Extracted data entries
- - - - - - -
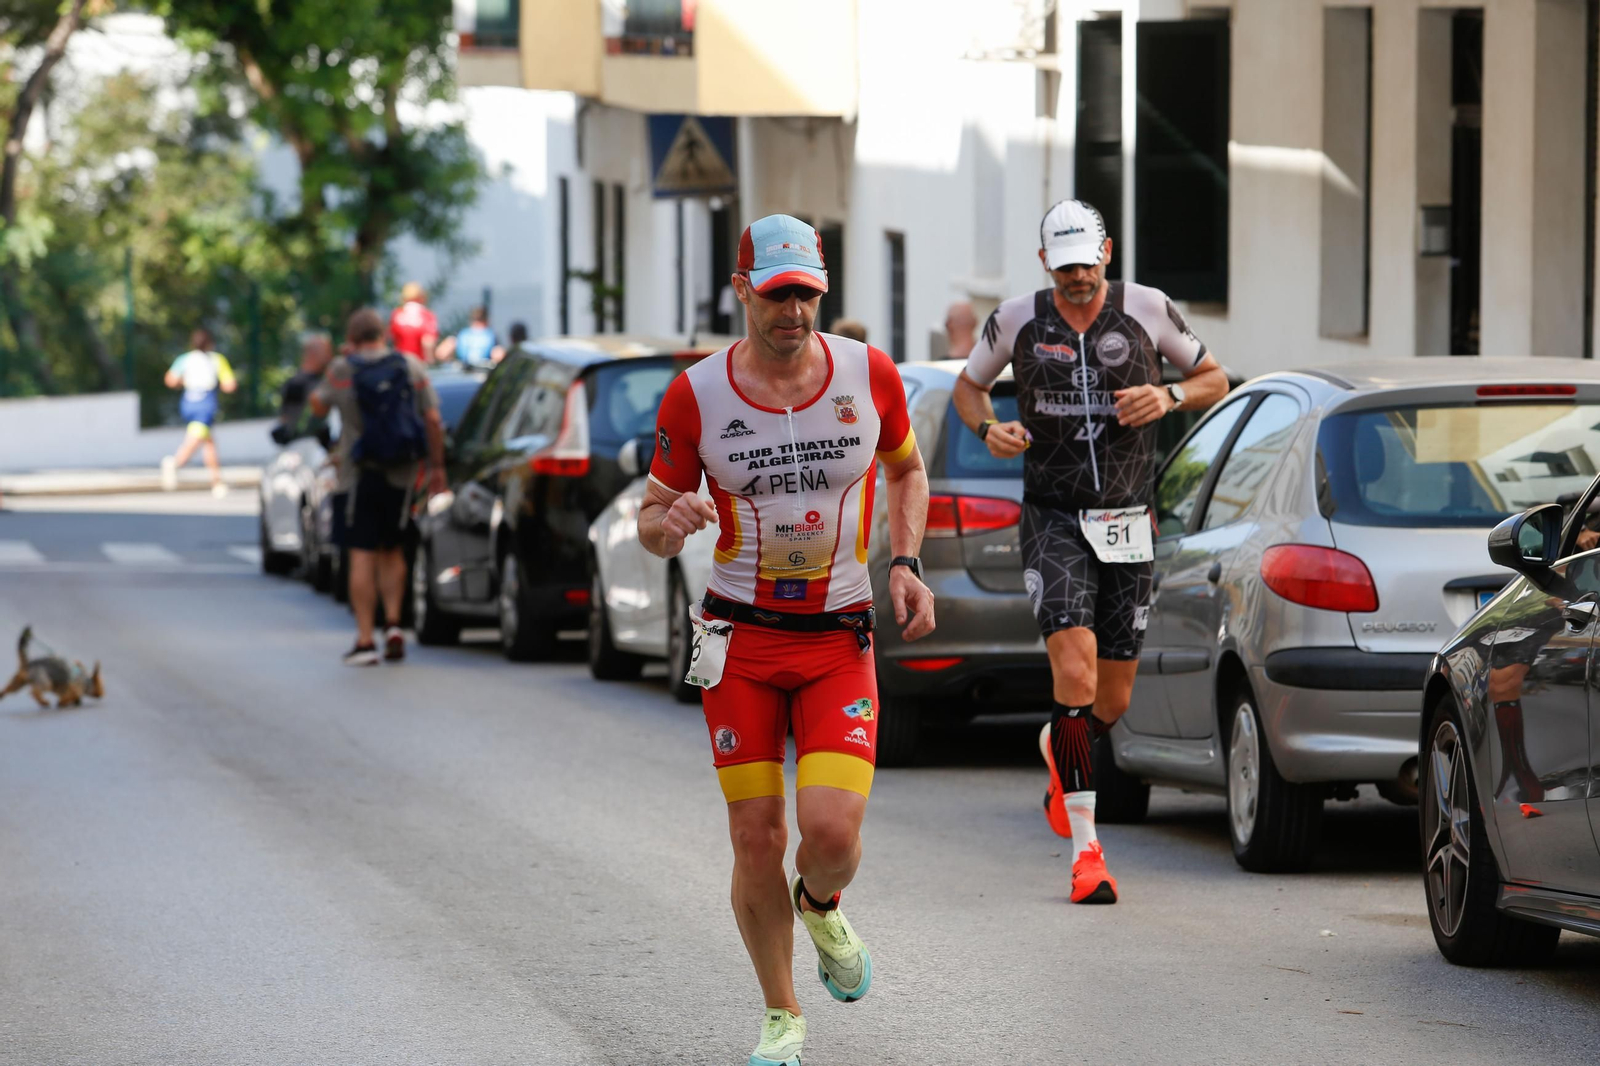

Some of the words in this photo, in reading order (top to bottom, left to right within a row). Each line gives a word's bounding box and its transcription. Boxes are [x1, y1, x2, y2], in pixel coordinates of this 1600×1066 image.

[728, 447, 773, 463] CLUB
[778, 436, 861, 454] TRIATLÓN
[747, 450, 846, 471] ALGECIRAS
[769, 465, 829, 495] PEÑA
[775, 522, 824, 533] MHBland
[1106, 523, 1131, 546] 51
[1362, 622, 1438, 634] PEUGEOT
- - - - - - -
Your task
Please return the lines above exactly, with the pictures omitted.

Solution to the problem
Some of the words in this photo, in reading order (top to bottom, left to right within a row). Each line gives a word's bounding box and its transcription. Boxes are [x1, y1, x2, y2], in pixel coordinates of this 1600×1066 image.

[728, 447, 773, 463] CLUB
[778, 436, 861, 454] TRIATLÓN
[747, 450, 846, 471] ALGECIRAS
[769, 465, 829, 495] PEÑA
[775, 522, 824, 533] MHBland
[1106, 523, 1131, 546] 51
[1362, 622, 1438, 634] PEUGEOT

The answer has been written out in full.